The Story Behind Every Song on Eagles’ 'Hotel California’

Beztroska Eagles przeczy ich mrokowi; ich dostępność przysłania ich głębię. I nie ma wyraźniejszego przykładu niż szósty album zespołu, Hotel California, zwodniczo wielowarstwowe arcydzieło, które łączy kinowy rock, elegancką balladę i subtelny surrealizm w jednym multi-platynowym pakiecie.

Tak, album zrodził trzy polerowane single — „Hotel California”, „Life in the Fast Lane” i „New Kid in Town” — które zajmowały nieruchomości radiowe przez ostatnie cztery dekady. Ale te dziewięć utworów uchwyciło wielkość, zarówno dźwiękowo jak i lirycznie, której ich wczesne wyprawy do country-rocka nigdy nie zapowiadały.

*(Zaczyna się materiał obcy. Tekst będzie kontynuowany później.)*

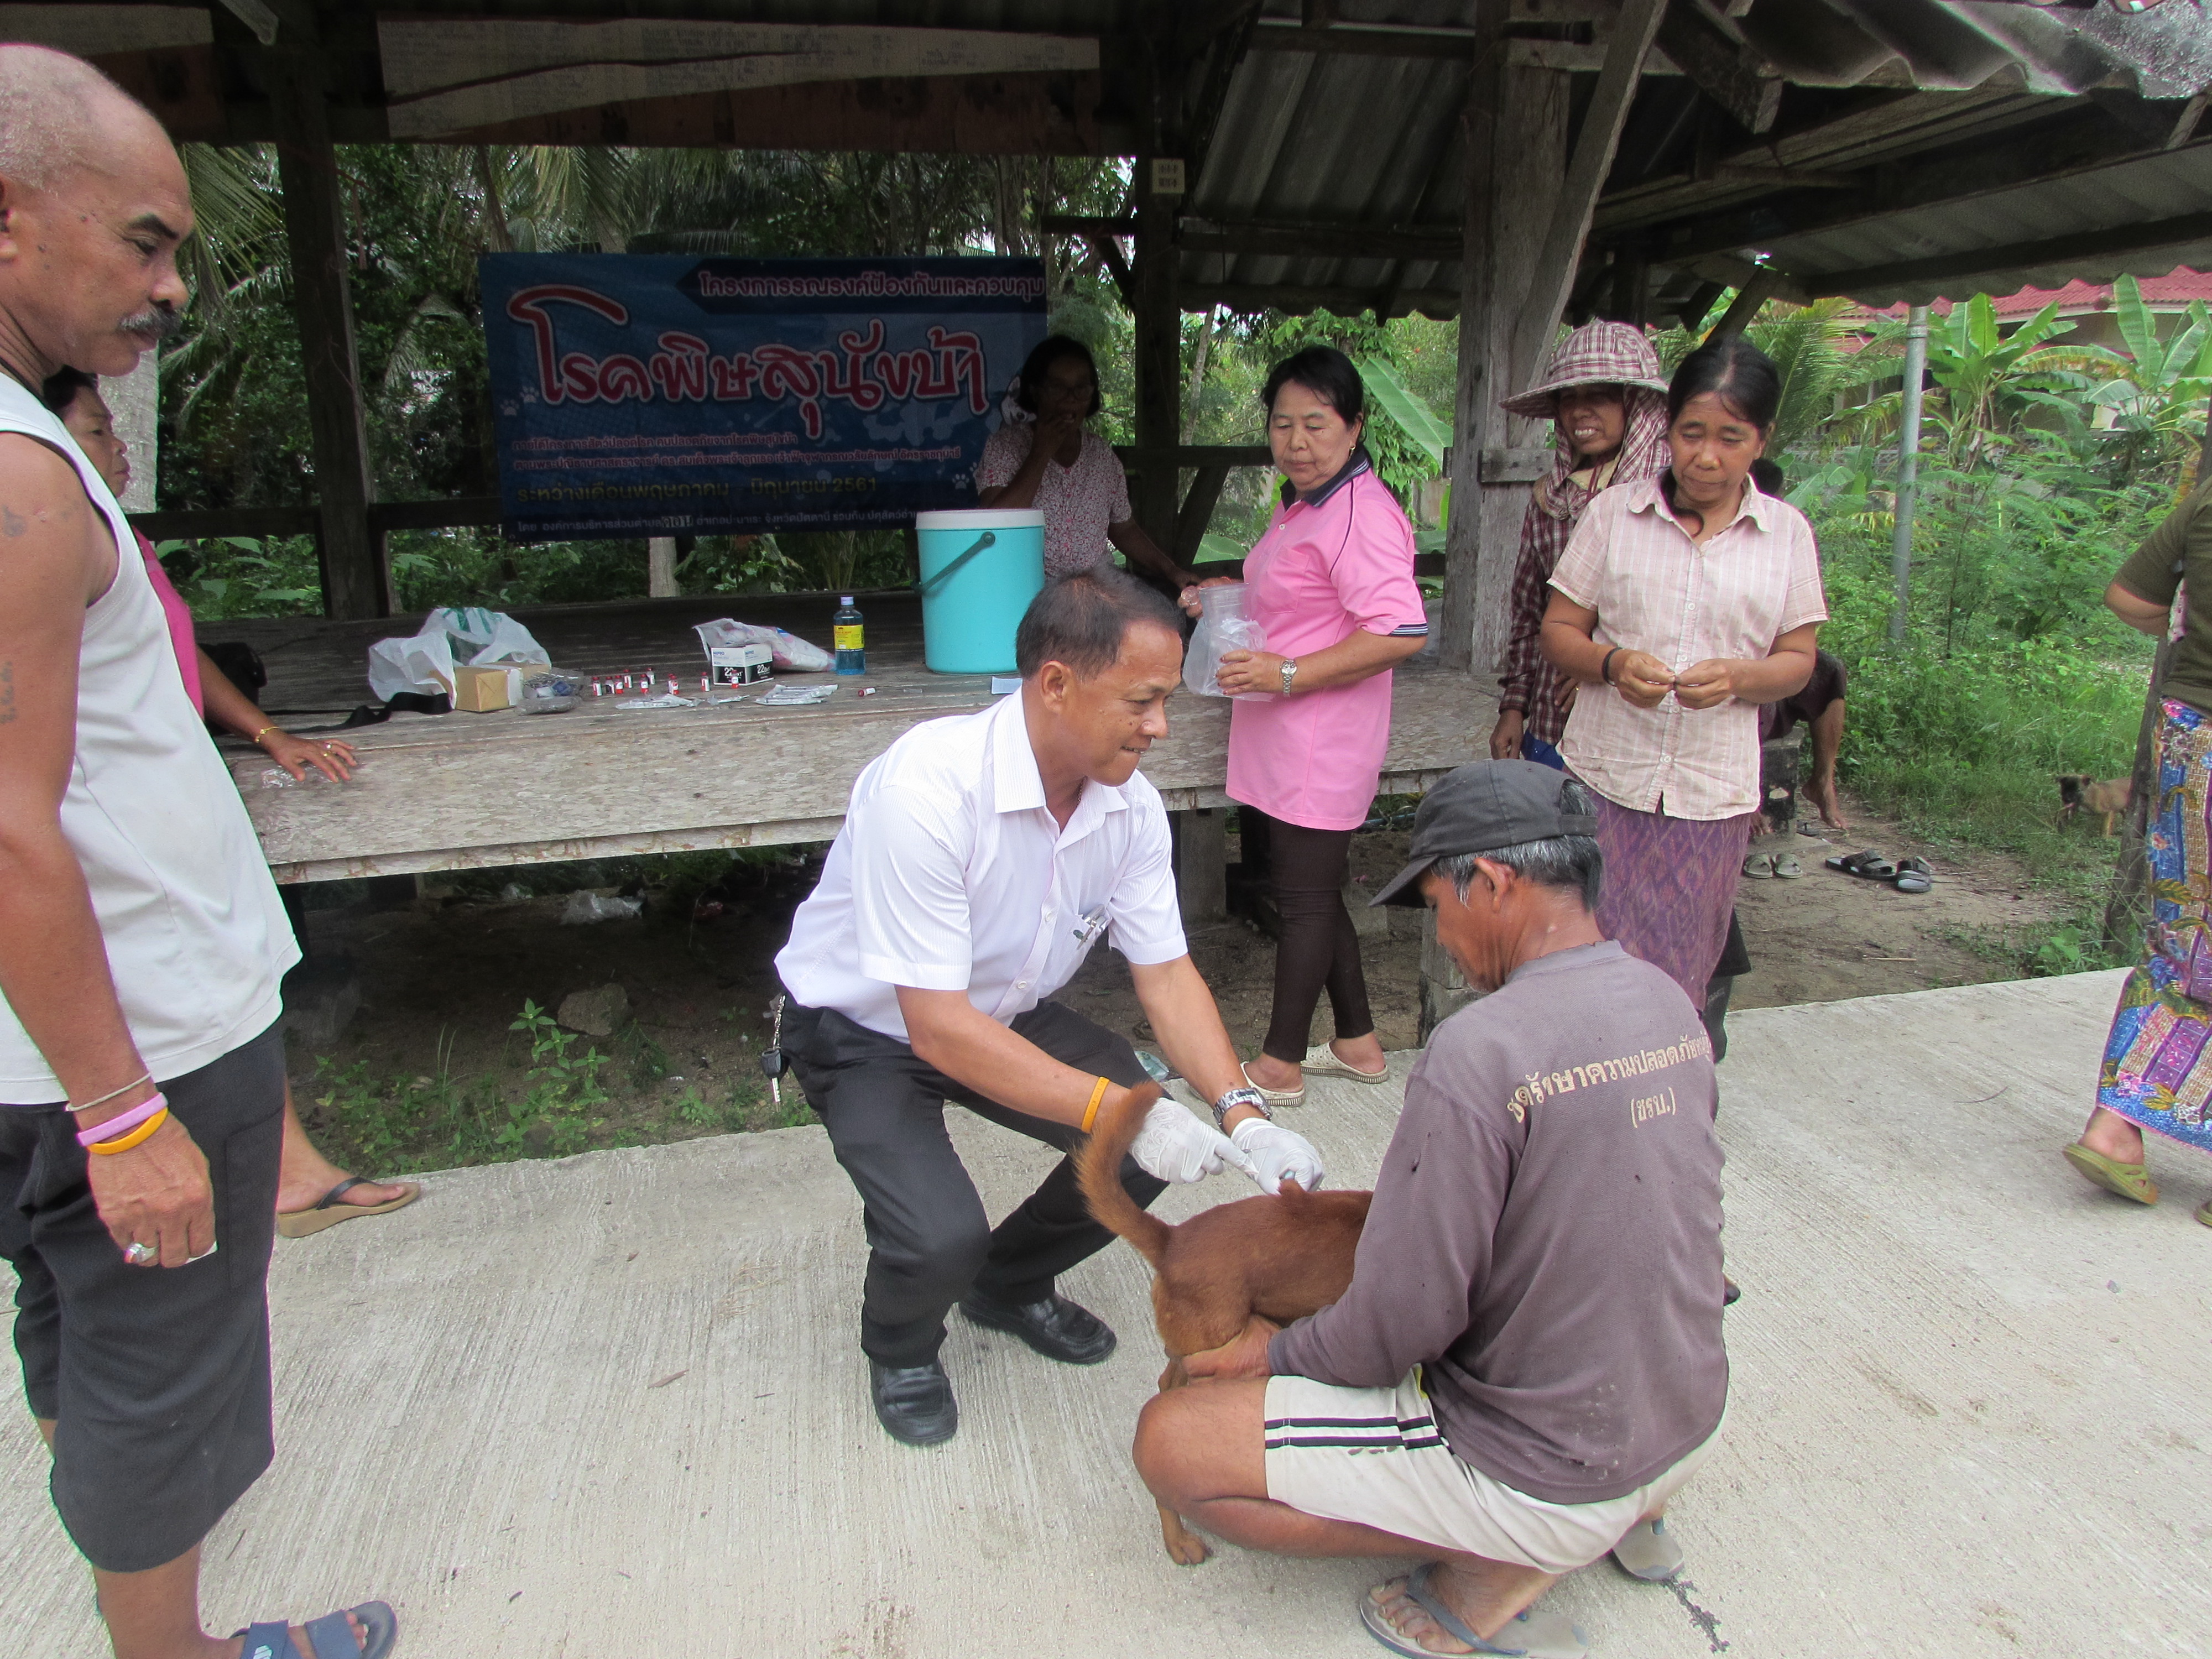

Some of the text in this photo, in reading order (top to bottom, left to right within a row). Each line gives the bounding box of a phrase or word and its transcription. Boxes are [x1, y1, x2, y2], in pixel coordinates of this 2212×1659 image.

„Nauczyłem się przez lata, że jedno słowo, 'California,’ niesie ze sobą wszelkiego rodzaju konotacje, potężne wyobrażenia, mistykę, itp, które rozpalają wyobraźnię ludzi we wszystkich zakątkach globu” – powiedział Rolling Stone’owi w 2016 roku wokalista i perkusista Don Henley. „Istnieje wbudowana mitologia, która wiąże się z tym słowem, amerykańska mitologia kulturowa, która została stworzona zarówno przez przemysł filmowy, jak i muzyczny.”

Hotel California stał się istotną częścią tej mitologii od czasu wydania w 1976 roku. Fascynujące jest spojrzenie wstecz na to, jak to kulturowe uderzenie pioruna zrodziło się z doskonałej burzy personalnej (zamiana gitarzysty country Berniego Leadona na blues-rockowego Joe Walsha), technologicznej (luksusowa produkcja z połowy lat 70-tych, zrealizowana częściowo w słynnym Record Plant Studios w Los Angeles) i czasowej (podążanie za stałym strumieniem wczesnych hitów, aż do kompilacji największych hitów z 1975 roku, wciąż jednego z najlepiej sprzedających się albumów w historii).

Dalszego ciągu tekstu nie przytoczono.